►

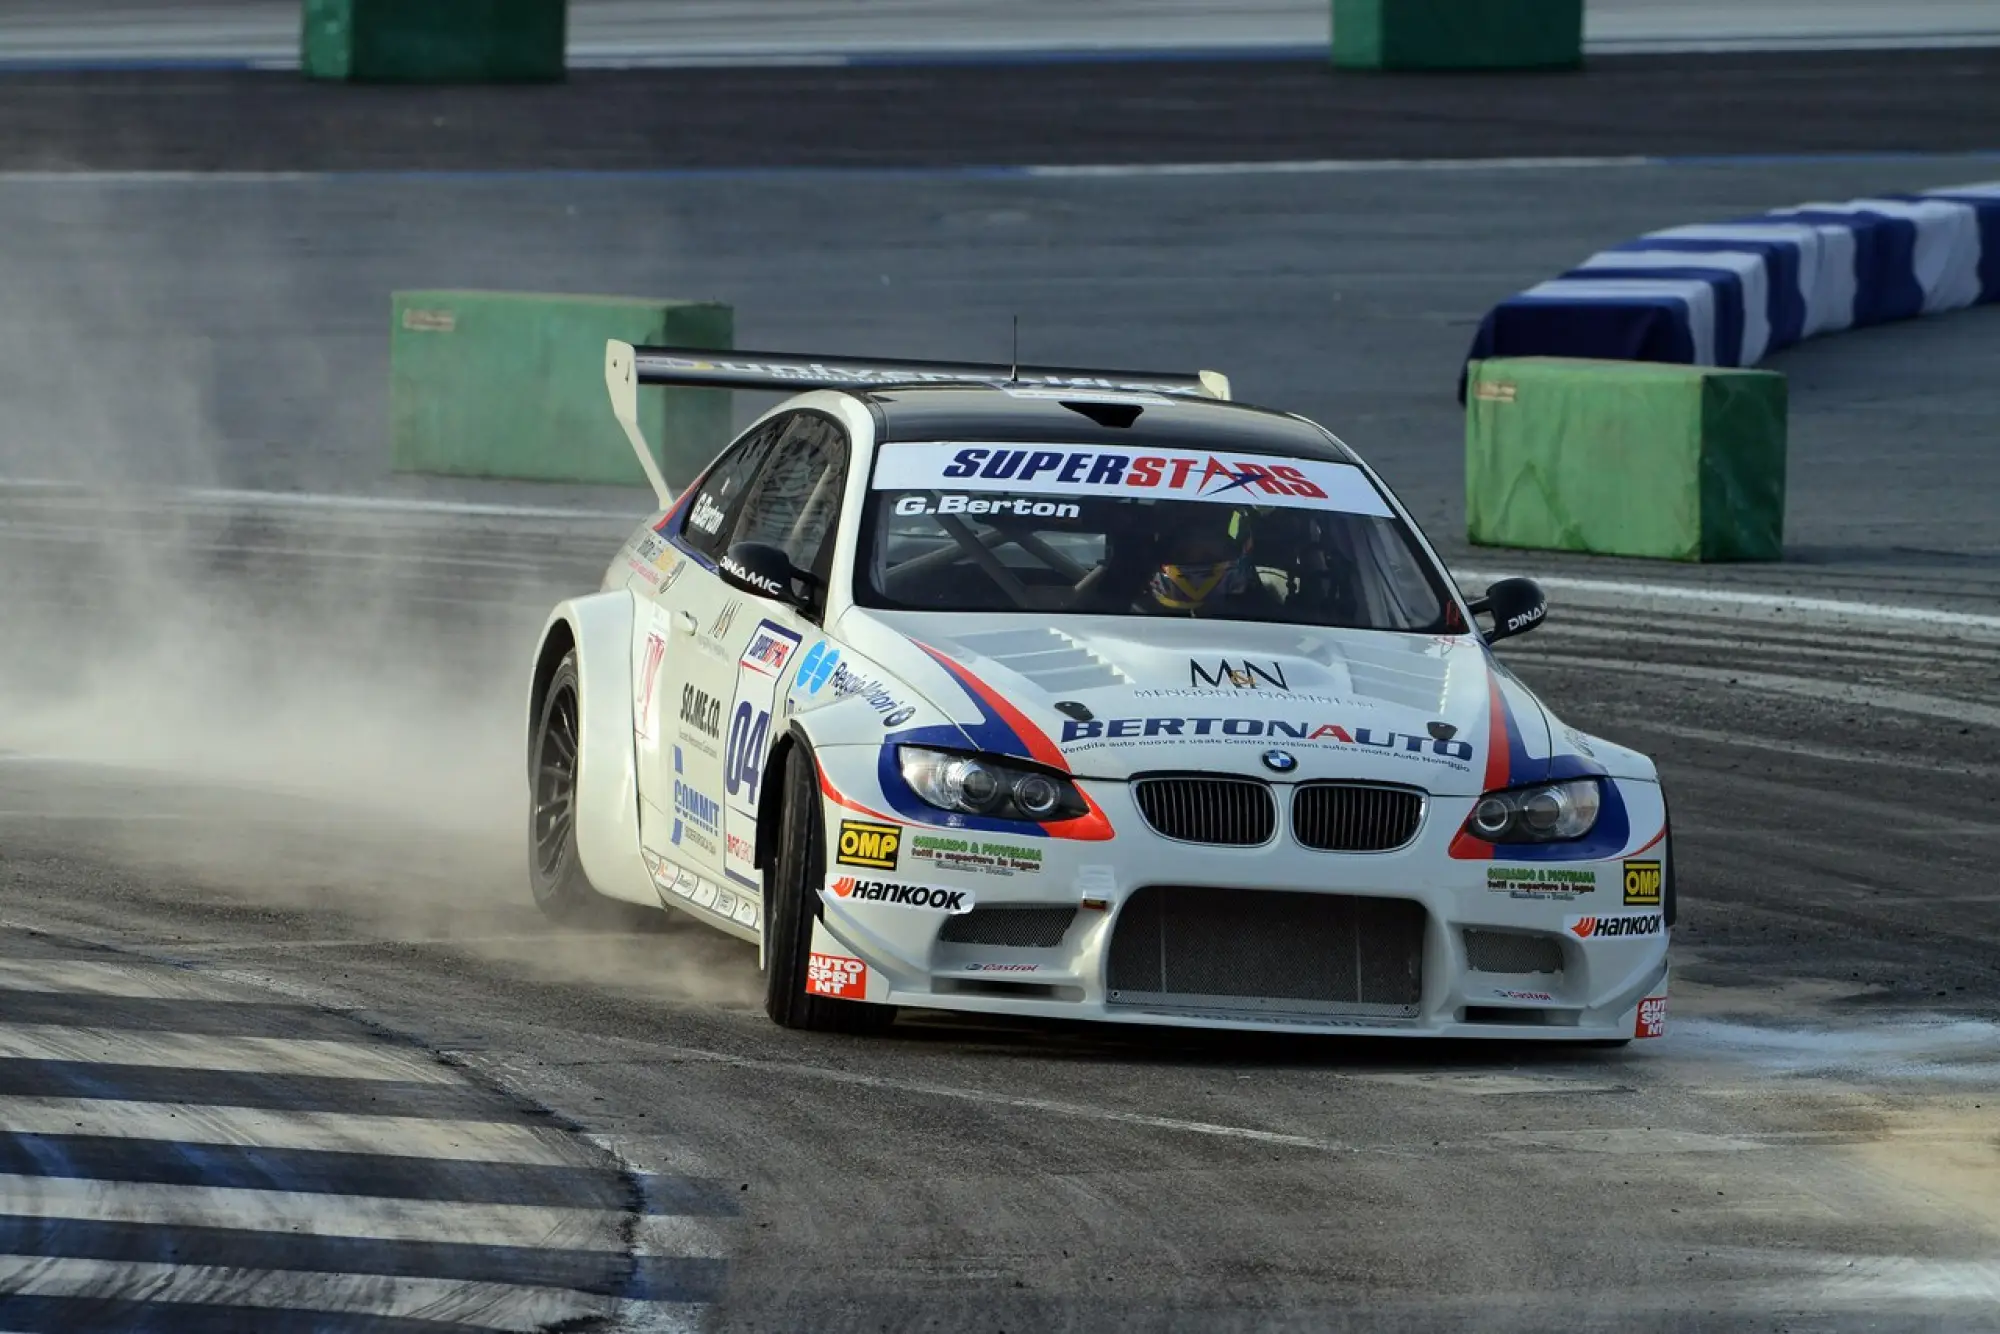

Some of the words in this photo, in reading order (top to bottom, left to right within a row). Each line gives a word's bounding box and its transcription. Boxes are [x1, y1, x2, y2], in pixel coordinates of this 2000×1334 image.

[942, 448, 1328, 500] SUPERSTARS
[895, 495, 1080, 518] G.Berton
[1061, 718, 1473, 762] BERTONAUTO
[1061, 741, 1106, 755] Vendita
[1109, 740, 1136, 748] auto
[726, 701, 771, 805] 04
[840, 829, 899, 860] OMP
[1625, 869, 1660, 896] OMP
[808, 955, 865, 973] AUTO
[808, 966, 857, 985] SPRI
[815, 980, 845, 994] NT

◄

• **What you are asked to do**
Quote the full listing above word for word; exclude every picture from the copy.

• **Reply to the exercise**
Some of the words in this photo, in reading order (top to bottom, left to right within a row). Each line gives a word's bounding box and its transcription. Boxes are [x1, y1, x2, y2], in pixel coordinates of this 2000×1334 image.

[942, 448, 1328, 500] SUPERSTARS
[895, 495, 1080, 518] G.Berton
[1061, 718, 1473, 762] BERTONAUTO
[1061, 741, 1106, 755] Vendita
[1109, 740, 1136, 748] auto
[726, 701, 771, 805] 04
[840, 829, 899, 860] OMP
[1625, 869, 1660, 896] OMP
[808, 955, 865, 973] AUTO
[808, 966, 857, 985] SPRI
[815, 980, 845, 994] NT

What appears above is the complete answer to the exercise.